Ibrahimi und seine Familie kamen nach Deutschland, weil sie von den radikalislamischen Taliban bedroht wurden. Der Familienvater weiß, wozu die Taliban in der Lage sind, deshalb ergriffen er und seine Familie die Flucht und verließen ihr Heimatland. Als es noch ging. Jetzt ist alles anders. Sein Bruder, der Onkel, die Cousins und Cousinen seiner Kinder leben alle noch in Kundus - können das Land nicht mehr verlassen, die Grenzen sind geschlossen, die Luftbrücke beendet. „Wir wüssten gar nicht, wo wir sie in Deutschland melden könnten und wie wir ihnen von hier aus helfen können“, sagt die älteste Tochter der Familie mit Tränen in den Augen.
Die 19-Jährige hat Ende des Schuljahres ihre Mittlere Reife an der Werner-von-Siemens-Mittelschule in Hochzoll abgelegt. Im September beginnt sie ihre Ausbildung zur Bürokauffrau. Sie will eine erfolgreiche Frau werden. „Ich wollte einmal nach Afghanistan zurückkehren und dort helfen, Strukturen zu verbessern“, erzählt sie. Nun sei ihr Herz zerbrochen, Frauen könnten nach der Machtübernahme der Taliban mit einem Schlag nicht mehr eine Ausbildung absolvieren oder einem Studium nachgehen.

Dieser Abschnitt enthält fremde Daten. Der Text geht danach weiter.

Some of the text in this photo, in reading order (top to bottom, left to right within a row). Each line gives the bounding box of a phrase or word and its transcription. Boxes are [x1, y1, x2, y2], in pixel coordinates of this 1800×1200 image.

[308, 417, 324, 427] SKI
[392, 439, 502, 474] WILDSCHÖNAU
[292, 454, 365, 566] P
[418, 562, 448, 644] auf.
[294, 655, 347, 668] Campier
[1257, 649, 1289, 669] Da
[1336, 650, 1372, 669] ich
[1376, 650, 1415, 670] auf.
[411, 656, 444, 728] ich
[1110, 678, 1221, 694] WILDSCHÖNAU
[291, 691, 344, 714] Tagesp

Mohammad Ayob Ibrahimi zeigt Videos auf seinem Handy, die er von Familie und Freunden aus Kundus zugeschickt bekommen hat: Geschäfte und Wohnhäuser stehen in Flammen. Sie wurden von den Taliban angezündet. Die Menschen in Kundus litten unter Hunger. Geschäfte seien geschlossen oder zerstört, es fehle an Lebensmitteln. Die Angst gehe um. Dass Taliban Frauen, Häuser und Hab und Gut für sich beanspruchten. „Sie haben jetzt Waffen und Macht. Wir wissen nicht, was dort jetzt geschehen wird“, berichtet der 46-Jährige. Viele Afghaninnen und Afghanen seien Analphabeten, berichtet Ibrahimi. Sie könnten sich selbst nicht helfen und nicht einfach aufs Amt gehen. Seine 19-jährige Tochter die älteste von sieben Geschwistern - will das nicht wahrhaben. „Aber das sind doch auch Menschen, die ein Recht haben zu leben. Sie haben auch ein Recht auf Frieden, ein Recht auf Bildung“, sagt sie.

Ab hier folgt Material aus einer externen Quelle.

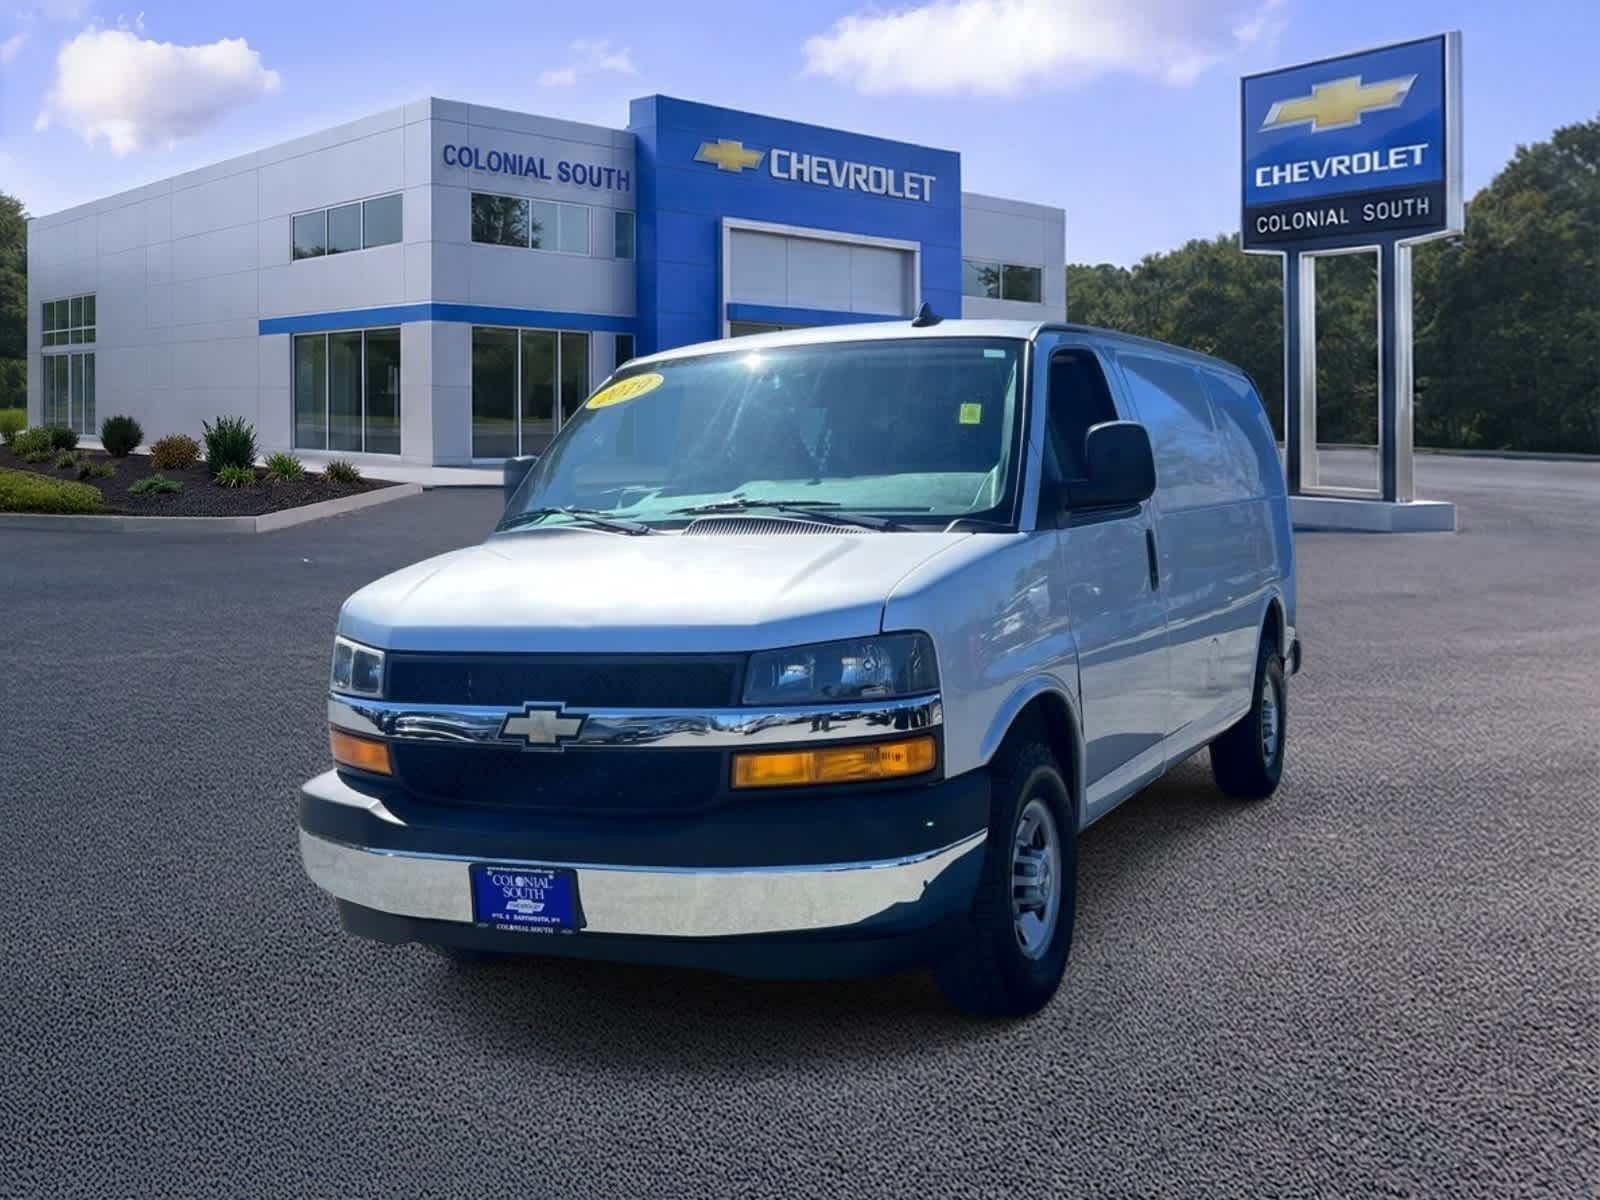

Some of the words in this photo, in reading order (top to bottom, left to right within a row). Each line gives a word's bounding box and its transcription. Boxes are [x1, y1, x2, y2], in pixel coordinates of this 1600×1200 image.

[443, 144, 552, 180] COLONIAL
[557, 160, 631, 192] SOUTH
[770, 148, 937, 203] CHEVROLET
[1255, 143, 1429, 187] CHEVROLET
[1256, 208, 1349, 233] COLONIAL
[1362, 197, 1429, 222] SOUTH
[492, 873, 552, 888] COLONIAL
[502, 887, 544, 899] SOUTH

Herbert Niedermirtl kann nur zuhören. Der ehrenamtliche Flüchtlingshelfer begleitet die Familie Ibrahimi, seit sie in Augsburg ist. Im Jahr 2015, als der große Flüchtlingsstrom einsetzte und es großen Bedarf an helfenden Händen gab, gründete er den Asyl-Helferkreis Aufwind. 25 Frauen und Männer kamen damals zum ersten Infoabend. Auch heute zählt der engagierte Kreis der ehrenamtlichen Helfer, die Geflüchtete in Hochzoll und Friedberg-West als Paten begleiten, noch über 20 Personen. „Das ist eine langfristige Begleisie tung. Mit einem Jahr hat es sich da selten getan“, weiß er. So wie bei den Ibrahimis. Als vor wenigen Wochen die Wogen in Afghanistan hochschlugen, fuhr Niedermirtl mit seiner Frau und der afghanischen Familie an den Ammersee. Dort sollten sie einen Tag auf andere Gedanken kommen. Es half, am Abend fuhren sie alle im Zug und mit einem Lachen im Gesicht nach Augsburg zurück.

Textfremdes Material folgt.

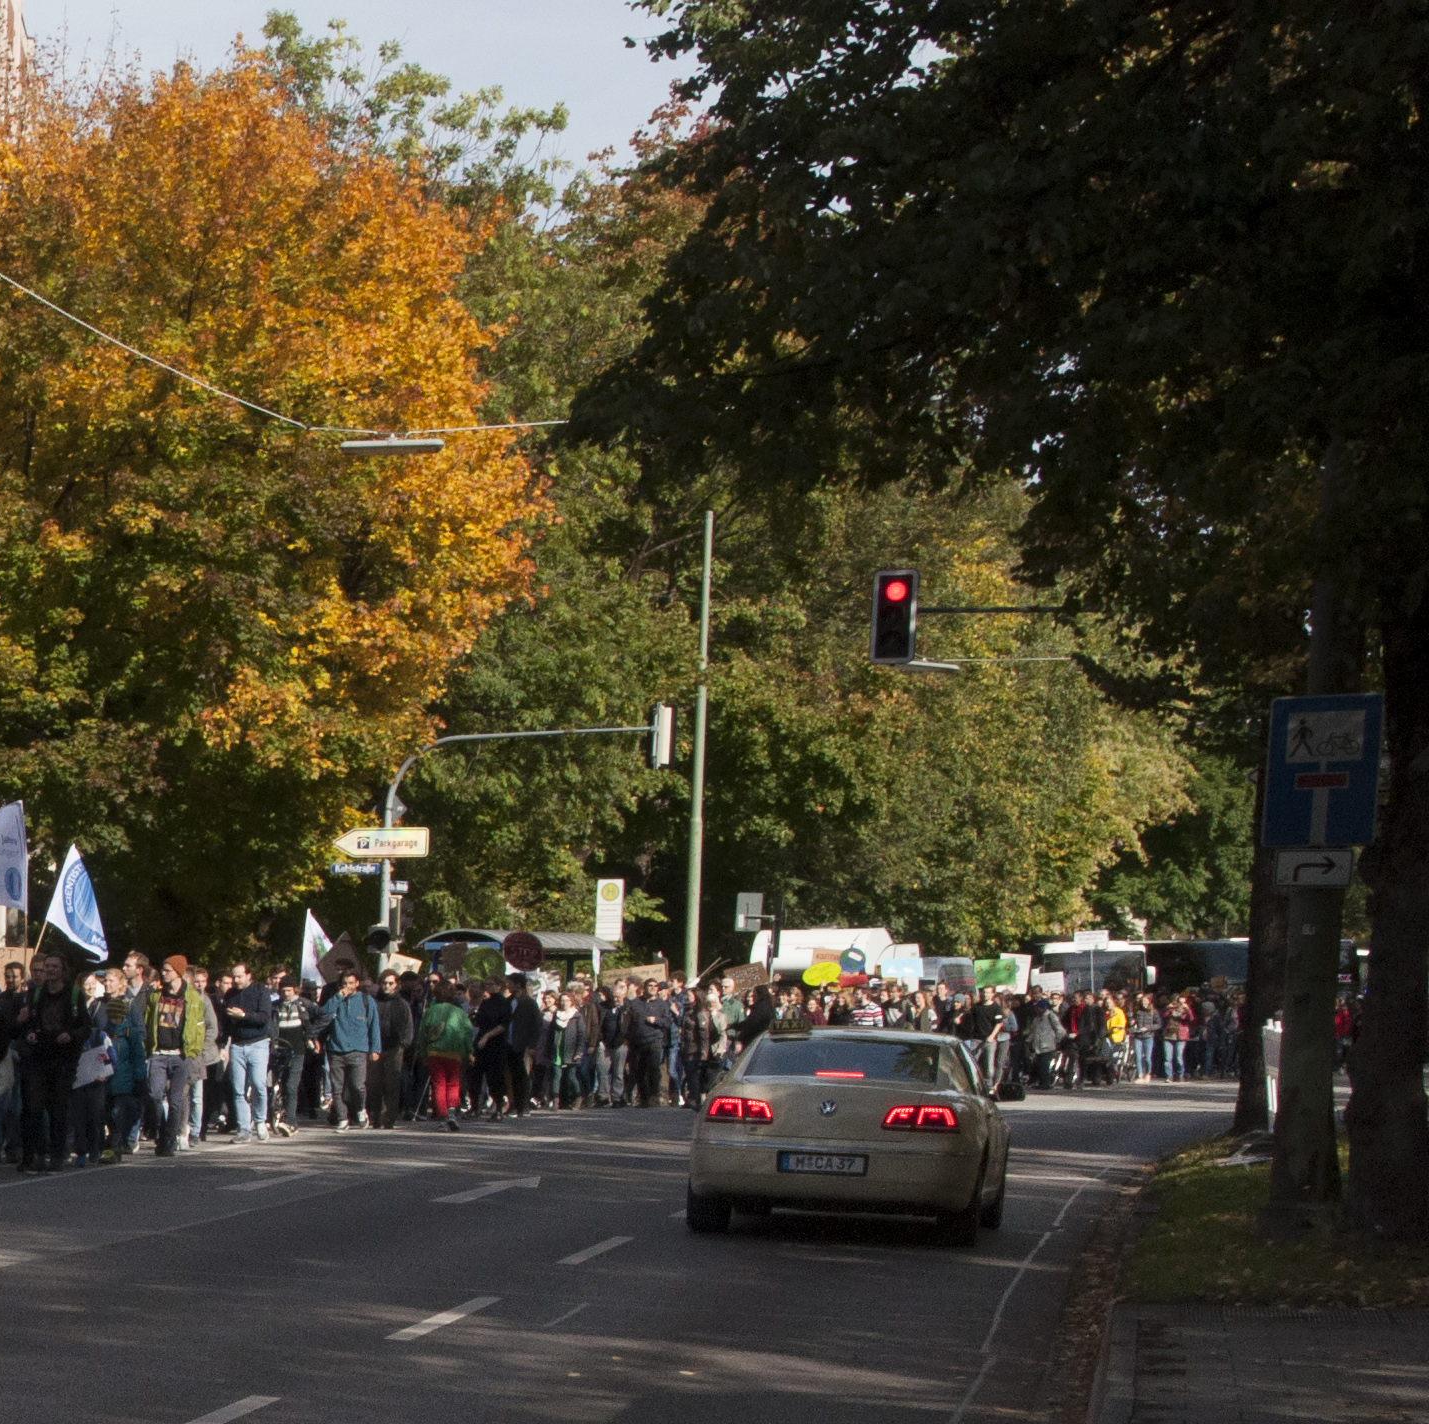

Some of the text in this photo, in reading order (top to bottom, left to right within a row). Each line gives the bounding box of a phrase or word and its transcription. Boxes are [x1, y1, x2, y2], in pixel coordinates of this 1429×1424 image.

Doch im Alltag drehen sich die Gedanken wieder um Freunde und Familie in Afghanistan. Der Familienvater arbeitet in einem DönerLaden. Sein Traum ist es, sich einmal mit einem kleinen Lokal selbstständig machen zu können. Seine älteste Tochter gibt den Traum, einmal nach Afghanistan zurückzukehren, nicht auf. „Ich werde es machen.“Irgendwann werde dort ein Leben ohne Unterdrückung und Terror möglich sein, hofft sie. So lange gibt sie hier die Hilfe zurück, die sie selber erfahren hat, und wird für Geflüchtete aus Afghanistan dolmetschen. „Zuletzt sind wieder mehrere afghanische Familien im Ankerzentrum in der Berliner Allee angekommen, wo wir auch als Helferkreis aktiv sind. Sie brauchen jetzt unsere Hilfe“, sagt Herbert Niedermirtl.